Targeting the Mitochondrial Unfolded Protein Response to Improve Mitochondrial Function
Every cell contains hundreds of mitochondria, generating chemical energy store molecules to power cellular biochemistry. Mitochondrial function declines with age, with evidence indicating that a disruption of quality control mechanisms such as mitophagy is the proximate cause. Underlying that are age-related changes in the expression of proteins involved in mitochondrial dynamics, the fusion and fission of mitochondria. Is it possible to significantly improve mitochondrial function by forcing an upregulation of quality control mechanisms? Approaches such as delivery of NAD+ precursors have yet to reliably improve on the effects of exercise on mitochondrial function, but perhaps more is possible.
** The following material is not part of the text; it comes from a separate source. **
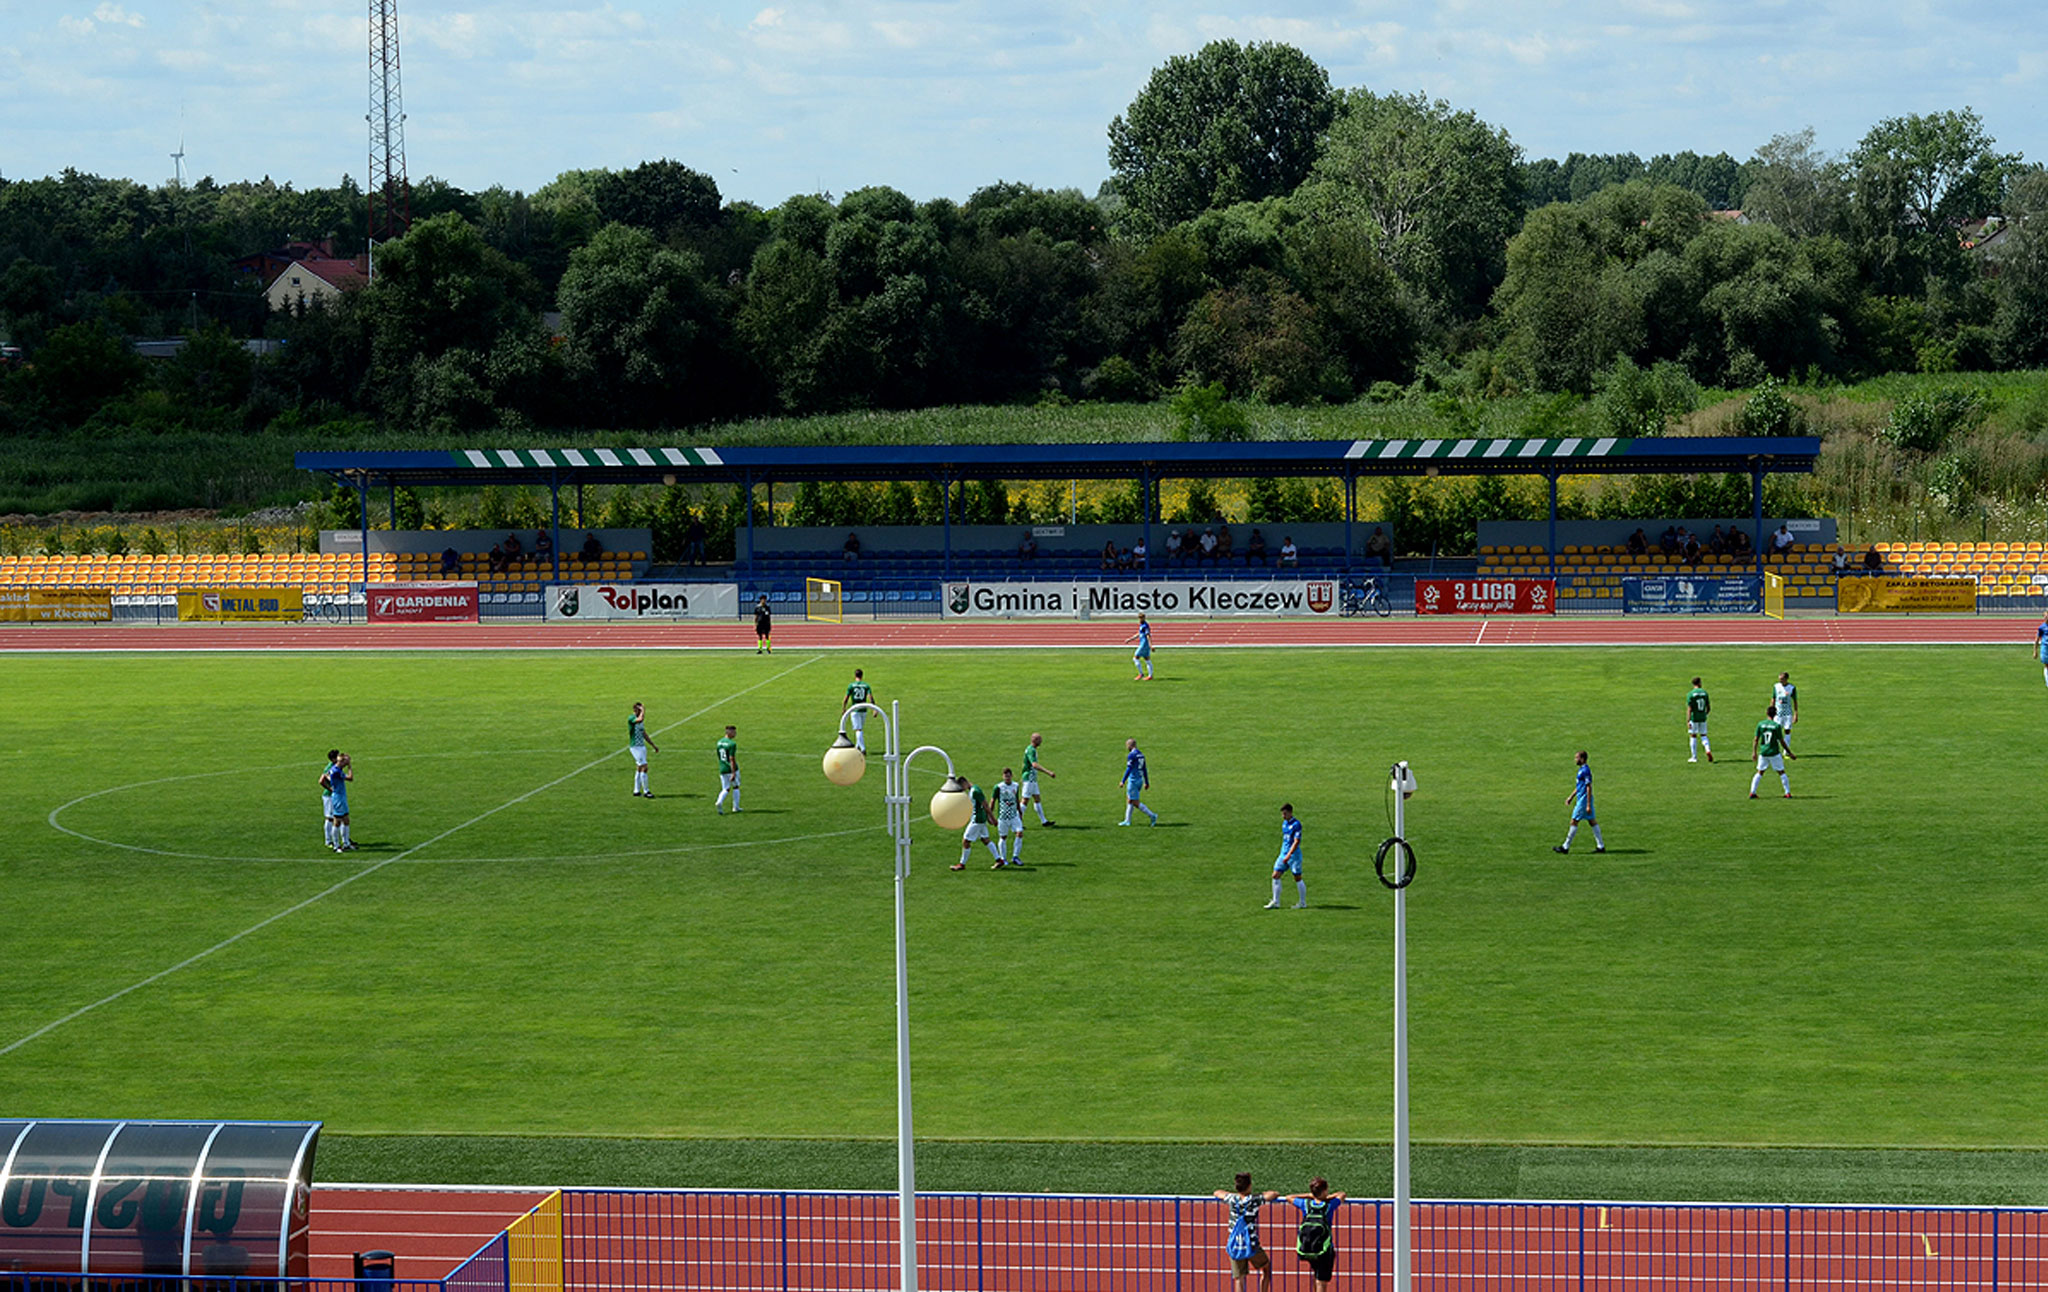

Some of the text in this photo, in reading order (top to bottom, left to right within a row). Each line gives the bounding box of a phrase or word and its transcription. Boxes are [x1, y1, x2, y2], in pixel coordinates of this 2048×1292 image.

The disruption of mitochondrial function is usually caused by the excessive production of reactive oxygen species (ROS), the uncoupling of the mitochondrial electron transport chain (mtETC), or the expression of aberrant or mutated proteins encoded by mitochondrial DNA (mtDNA) or nuclear DNA (nDNA). In addition, mtDNA is more susceptible to mutations due to its proximity to the site of ROS generation and the absence of histone protection. These perturbations are implicated in primary mitochondrial diseases, which are characterized by mutations that affect the nDNA or mtDNA, as well as various age-related diseases, metabolic disorders, heart pathologies, and cancer, which are referred to as secondary mitochondrial diseases.
Mitochondrial homeostasis and proteostasis are essential for the maintenance of mitochondrial function. To this end, mitochondria have renewal mechanisms, such as mitophagy or mitochondrial unfolded protein response (mtUPR), in addition to mitochondrial biogenesis that promotes the growth and formation of new mitochondria. Moreover, other renewal mechanisms have recently emerged, such as mitochondrial-derived vesicles (MDVs). The ability of mitochondria to release their contents into vesicles is a conserved process shared with their bacterial ancestors. When mitochondrial stressors are present, mitochondrial inner and outer membranes become oxidized, leading to their loading into vesicles which are transported to lysosomes or peroxisomes for degradation, removing damaged proteins and thus preventing mitochondrial dysfunction.
All these processes form part of the protein quality control system of the mitochondrion that is vital for mitochondrial function and cell homeostasis. In this review, we focus specifically on mitochondrial biogenesis and the mtUPR and, in particular, on the implication of mtUPR modulation as a potential treatment of primary and secondary mitochondrial diseases. In addition, we discuss the negative consequences of its activation in cancer patients and its overaction in pathological situations.